Tool of the Day: Sysinternals ProcMon

Funny how you might not EVER use a given tool, and some days you might end up using it twice. Sysinternals Procmon was that tool today.

It is the successor from old utils from Sysinternals – Filemon and Regmon.

What does it do? It monitors all processes and services and watches what they are doing on your system. File, Registry, etc, etc. Open/Close, Read/Write, what user, status, etc. You can filter and pause and find out pretty much anything going on in windows.

So early in the day, running into a website issue, not loading in IIS. No idea what is going on. Fire up Procmon and filter to the website directory on disk. Lo and behold, the site is trying to impersonate a user, and that user doesn’t have permissions. The site still didn’t work, and if I would have dug a bit more with Procmon, would have found that the user impersonating on the site also needed rights to the ASP.NET Temporary files, but after seeing the impersonation and the site still not working, I guessed it didn’t have rights to the temp folder.

Things like the scenario above I have seen people waste a support call with Microsoft with.
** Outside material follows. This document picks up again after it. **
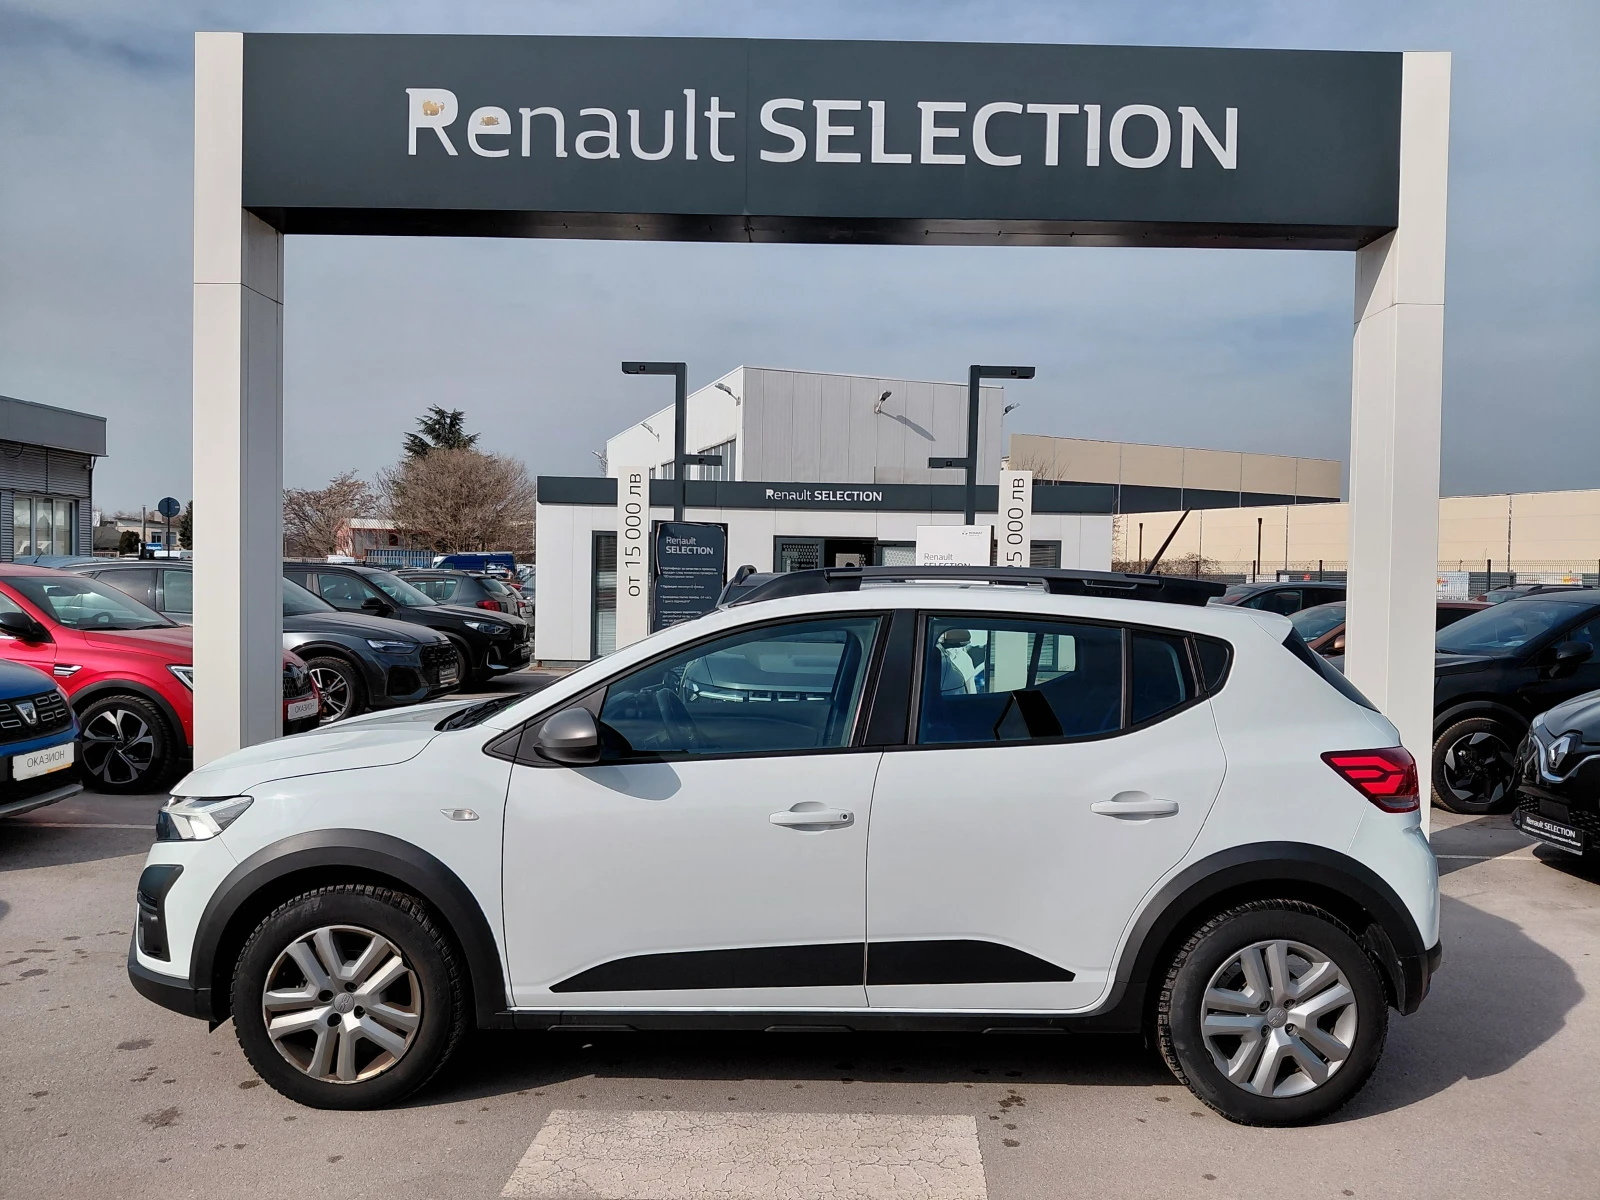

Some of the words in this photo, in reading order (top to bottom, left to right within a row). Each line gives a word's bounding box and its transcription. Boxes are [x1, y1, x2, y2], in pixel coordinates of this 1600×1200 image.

Second thing today. Trying to install a extension to SSRS. The installer isn’t even seeing that SSRS is installed, yet it clearly is and functioning correctly on the box. Some how the installer must be reading something or looking somewhere and not finding something. Procmon to the rescue. Fire it up, watch msiexec.exe. Seeing registry reads, it finds the SSRS instance names, then looks to a registry area with that instance name and tries to find more details. Was failing on finding the details because there was no reg keys in the second location (for whatever reason). But there was info in the first location, the same info it was looking for. I exported it out, changed the reg path of the keys, and imported. Re-ran setup and it found the instance this time and I could install the extension.

Without Procmon would have been flying blind or just guessing randomly on what to do. Could have been hours on tech support with a company, or again, a support call with Microsoft.

Procmon saved the day. Check it out and try to use where applicable in your day to day troubleshooting.